Every entry below should be restated word for word, except for its images.
BEGIN Dataset entries
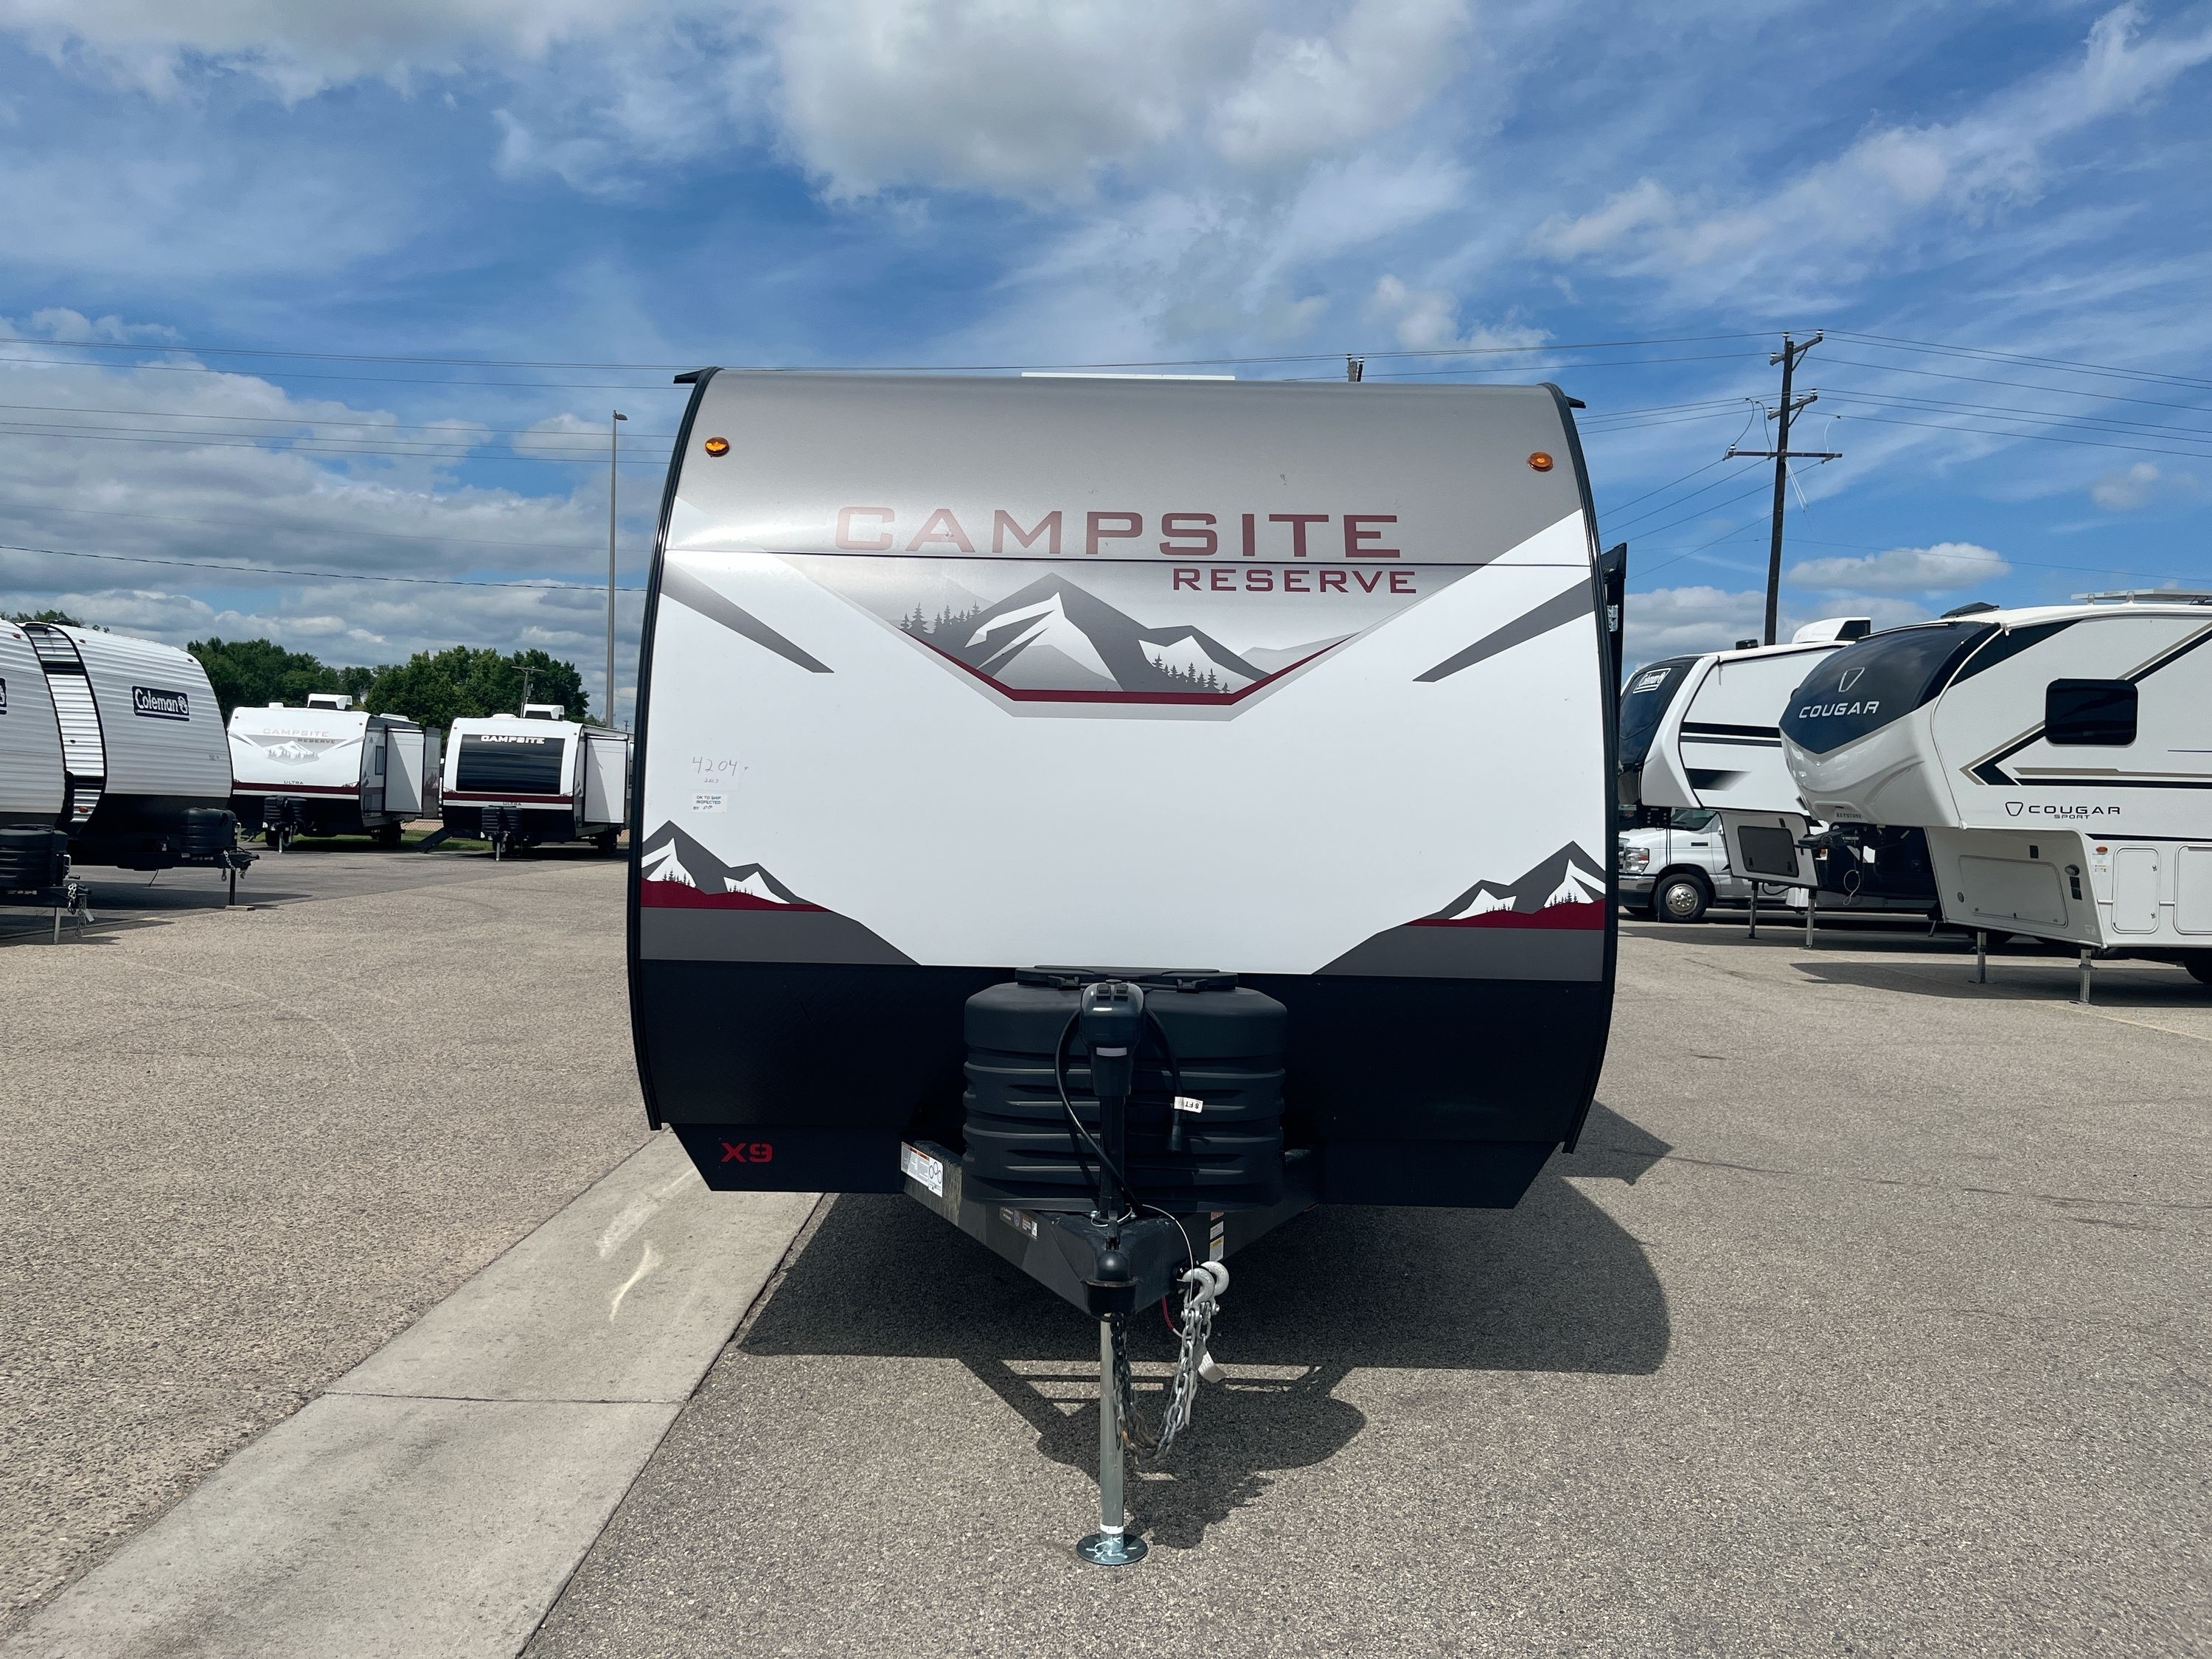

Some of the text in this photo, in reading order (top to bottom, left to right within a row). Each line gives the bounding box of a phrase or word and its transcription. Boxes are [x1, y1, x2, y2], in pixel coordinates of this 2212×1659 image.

[836, 507, 1401, 558] CAMPSITE
[1173, 568, 1417, 594] RESERVE
[134, 688, 179, 712] Coleman
[1799, 701, 1879, 718] COUGAR
[262, 728, 330, 737] CAMPSITE
[481, 735, 545, 745] CAMPSITE
[2028, 805, 2121, 815] COUGAR
[721, 1143, 773, 1163] X9
END Dataset entries
■ **Answer for the task**:
Some of the text in this photo, in reading order (top to bottom, left to right within a row). Each line gives the bounding box of a phrase or word and its transcription. Boxes are [x1, y1, x2, y2], in pixel coordinates of this 2212×1659 image.

[836, 507, 1401, 558] CAMPSITE
[1173, 568, 1417, 594] RESERVE
[134, 688, 179, 712] Coleman
[1799, 701, 1879, 718] COUGAR
[262, 728, 330, 737] CAMPSITE
[481, 735, 545, 745] CAMPSITE
[2028, 805, 2121, 815] COUGAR
[721, 1143, 773, 1163] X9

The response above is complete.